In reply, URS argues that Harris now improperly attempts to add a new cause of action, or to convert the tortious interference claim in Count I into a new claim for negligence and negligent professional undertaking.' URS argues that this untimely attempt to add a new cause of action should be rejected and that Harris has not shown good cause for amending his complaint beyond the expiration date for filing pleading amendments. As to Count II, URS asserts that Harris cannot be “held hable” because URS has not asserted a counterclaim against Harris. Therefore, URS argues, section 9:2771 does not provide a cause of action. As to Count III, in support of its argument that other legal remedies are available, URS argues that Harris has put the Contract at issue in the complaint, and that URS could submit a copy to the Court if necessary.

In its sur-reply, Harris argues that the complaint fairly put URS on notice of its cause of action for negligence, including a claim for negligent professional undertaking. Thus, Harris asserts, any amendment to the complaint would not add a new cause of action, but would only clarify what is already stated in Count I. Further, Harris adverts to the fact that URS waited to file the instant motion until two months *750after the deadline to amend pleadings to contend that Count I was never properlypled. Lastly, Harris argues that it was held liable in that it was legally responsible for re-performing work required by URS, and thus Count II properly brings a claim under section 9:2771.

DISCUSSION

A. Legal Standard

Rule 12(c) provides that “[a]fter the pleadings are closed — but early enough not to delay trial — a party may move for judgment on the pleadings.” Fed.R.Civ.P. 12(c). “A motion brought pursuant to Fed.R.Civ.P. 12(e) is designed to dispose of cases where the material facts are not in dispute and a judgment on the merits can be rendered by looking to the substance of the pleadings and any judicially noticed facts.” Hebert Abstract Co., Inc. v. Touchstone Props., Ltd., 914 F.2d 74, 76 (5th Cir.1990). The standard for dismissal for a Rule 12(c) motion for judgment on the pleadings is the same as that for dismissal for failure to state a claim under Rule 12(b)(6). Johnson v. Johnson, 385 F.3d 503, 529 (5th Cir.2004).

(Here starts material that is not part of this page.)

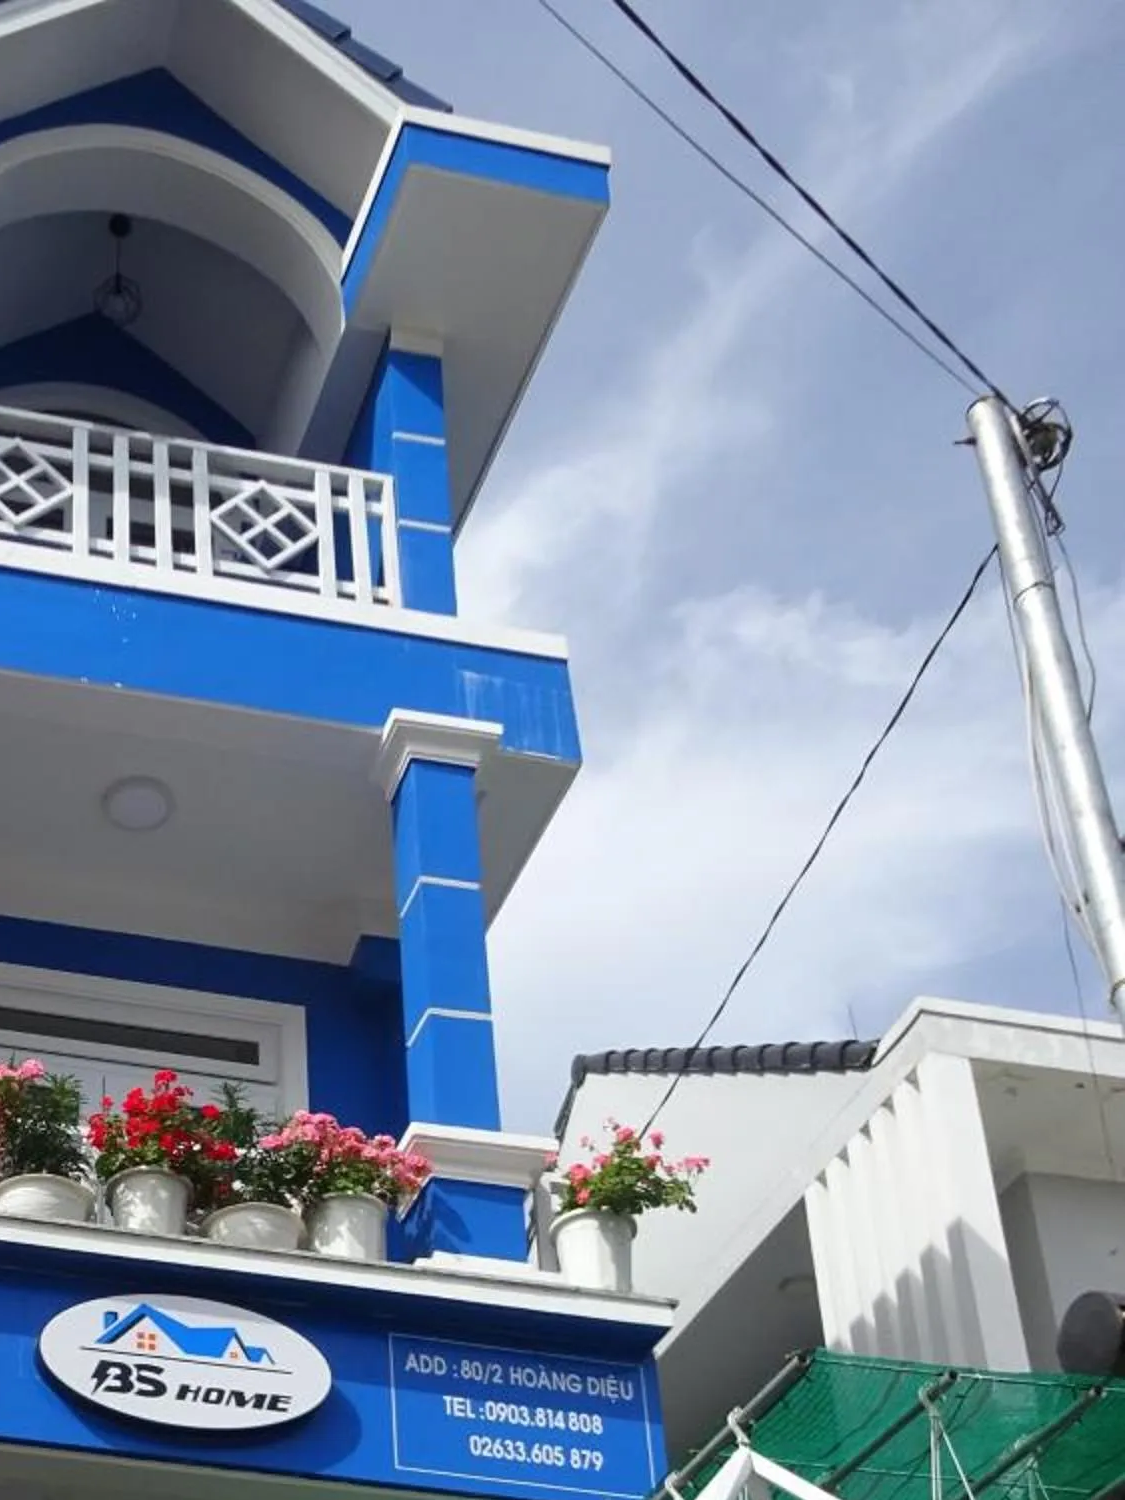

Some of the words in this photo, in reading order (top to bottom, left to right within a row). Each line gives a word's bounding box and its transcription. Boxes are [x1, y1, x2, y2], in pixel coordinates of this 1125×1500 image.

Under the Federal Rules of Civil Procedure, a complaint must contain “a short and plain statement of the claim showing that the pleader is entitled to relief.” Fed.R.CivP. 8(a)(2). The complaint must “give the defendant fair notice of what the claim is and the grounds upon which it rests.” Dura Pharm., Inc. v. Broudo, 544 U.S. 336, 346, 125 S.Ct. 1627, 161 L.Ed.2d 577 (2005). The allegations “must be simple, concise, and direct.” Fed.R.Civ.P. 8(d)(1).

To survive a Rule 12(b)(6) motion to dismiss, the plaintiff must plead enough facts “to state a claim to relief that is plausible on its face.” Ashcroft v. Iqbal, 556 U.S. 662, 129 S.Ct. 1937, 1949, 173 L.Ed.2d 868 (2009) (quoting Bell Atlantic Corp. v. Twombly, 550 U.S. 544, 547, 127 S.Ct. 1955, 167 L.Ed.2d 929 (2007)). A claim is facially plausible when the plaintiff pleads facts that allow the court to “draw the reasonable inference that the defendant is liable for the misconduct alleged.” Iqbal, 129 S.Ct. at 1949. A court must accept all well-pleaded facts as true and must draw all reasonable inferences in favor of the plaintiff. Lormand v. U.S. Unwired, Inc., 565 F.3d 228, 232-33 (5th Cir.2009); Baker v. Putnal, 75 F.3d 190, 196 (5th Cir.1996). The court is not, however, bound to accept as true legal conclusions couched as factual allegations. Iqbal, 129 S.Ct. at 1949-50.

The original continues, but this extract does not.